**Recorded information:**
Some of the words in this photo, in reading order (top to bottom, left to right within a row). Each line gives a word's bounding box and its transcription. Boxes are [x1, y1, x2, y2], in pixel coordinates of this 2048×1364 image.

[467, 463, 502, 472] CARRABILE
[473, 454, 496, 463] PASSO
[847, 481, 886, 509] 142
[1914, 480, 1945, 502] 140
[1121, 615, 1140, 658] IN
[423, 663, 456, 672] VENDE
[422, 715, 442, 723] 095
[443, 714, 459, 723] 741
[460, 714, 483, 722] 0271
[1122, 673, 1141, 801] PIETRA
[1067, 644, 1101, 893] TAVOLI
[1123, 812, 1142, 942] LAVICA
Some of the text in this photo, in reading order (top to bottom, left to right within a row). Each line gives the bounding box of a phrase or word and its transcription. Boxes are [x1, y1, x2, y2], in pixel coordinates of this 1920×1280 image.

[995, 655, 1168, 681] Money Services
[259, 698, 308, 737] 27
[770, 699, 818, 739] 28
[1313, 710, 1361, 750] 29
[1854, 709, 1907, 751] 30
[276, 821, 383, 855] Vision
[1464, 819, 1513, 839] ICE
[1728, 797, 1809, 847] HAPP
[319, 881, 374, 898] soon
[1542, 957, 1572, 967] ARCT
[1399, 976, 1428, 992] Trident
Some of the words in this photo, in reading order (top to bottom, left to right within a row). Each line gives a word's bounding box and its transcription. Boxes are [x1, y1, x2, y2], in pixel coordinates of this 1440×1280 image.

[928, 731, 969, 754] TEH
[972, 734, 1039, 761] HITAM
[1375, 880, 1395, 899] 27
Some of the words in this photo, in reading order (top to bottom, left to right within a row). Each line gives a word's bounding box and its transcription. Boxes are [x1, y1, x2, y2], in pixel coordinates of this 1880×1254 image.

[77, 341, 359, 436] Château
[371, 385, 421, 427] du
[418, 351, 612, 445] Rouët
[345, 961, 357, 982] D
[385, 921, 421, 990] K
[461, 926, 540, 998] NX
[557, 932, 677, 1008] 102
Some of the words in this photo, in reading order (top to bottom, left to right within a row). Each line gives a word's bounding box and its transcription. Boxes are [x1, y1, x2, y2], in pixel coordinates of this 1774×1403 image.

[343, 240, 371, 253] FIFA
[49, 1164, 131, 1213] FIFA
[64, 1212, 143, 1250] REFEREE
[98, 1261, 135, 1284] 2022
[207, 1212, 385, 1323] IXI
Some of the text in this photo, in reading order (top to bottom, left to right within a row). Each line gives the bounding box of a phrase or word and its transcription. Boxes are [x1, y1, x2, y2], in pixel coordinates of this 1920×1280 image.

**Task description:** Could you restate the listing above word for word, leaving nothing out?

**Output of the exercise:**
Some of the words in this photo, in reading order (top to bottom, left to right within a row). Each line gives a word's bounding box and its transcription. Boxes are [x1, y1, x2, y2], in pixel coordinates of this 2048×1364 image.

[467, 463, 502, 472] CARRABILE
[473, 454, 496, 463] PASSO
[847, 481, 886, 509] 142
[1914, 480, 1945, 502] 140
[1121, 615, 1140, 658] IN
[423, 663, 456, 672] VENDE
[422, 715, 442, 723] 095
[443, 714, 459, 723] 741
[460, 714, 483, 722] 0271
[1122, 673, 1141, 801] PIETRA
[1067, 644, 1101, 893] TAVOLI
[1123, 812, 1142, 942] LAVICA
Some of the text in this photo, in reading order (top to bottom, left to right within a row). Each line gives the bounding box of a phrase or word and its transcription. Boxes are [x1, y1, x2, y2], in pixel coordinates of this 1920×1280 image.

[995, 655, 1168, 681] Money Services
[259, 698, 308, 737] 27
[770, 699, 818, 739] 28
[1313, 710, 1361, 750] 29
[1854, 709, 1907, 751] 30
[276, 821, 383, 855] Vision
[1464, 819, 1513, 839] ICE
[1728, 797, 1809, 847] HAPP
[319, 881, 374, 898] soon
[1542, 957, 1572, 967] ARCT
[1399, 976, 1428, 992] Trident
Some of the words in this photo, in reading order (top to bottom, left to right within a row). Each line gives a word's bounding box and its transcription. Boxes are [x1, y1, x2, y2], in pixel coordinates of this 1440×1280 image.

[928, 731, 969, 754] TEH
[972, 734, 1039, 761] HITAM
[1375, 880, 1395, 899] 27
Some of the words in this photo, in reading order (top to bottom, left to right within a row). Each line gives a word's bounding box and its transcription. Boxes are [x1, y1, x2, y2], in pixel coordinates of this 1880×1254 image.

[77, 341, 359, 436] Château
[371, 385, 421, 427] du
[418, 351, 612, 445] Rouët
[345, 961, 357, 982] D
[385, 921, 421, 990] K
[461, 926, 540, 998] NX
[557, 932, 677, 1008] 102
Some of the words in this photo, in reading order (top to bottom, left to right within a row). Each line gives a word's bounding box and its transcription. Boxes are [x1, y1, x2, y2], in pixel coordinates of this 1774×1403 image.

[343, 240, 371, 253] FIFA
[49, 1164, 131, 1213] FIFA
[64, 1212, 143, 1250] REFEREE
[98, 1261, 135, 1284] 2022
[207, 1212, 385, 1323] IXI
Some of the text in this photo, in reading order (top to bottom, left to right within a row). Each line gives the bounding box of a phrase or word and its transcription. Boxes are [x1, y1, x2, y2], in pixel coordinates of this 1920×1280 image.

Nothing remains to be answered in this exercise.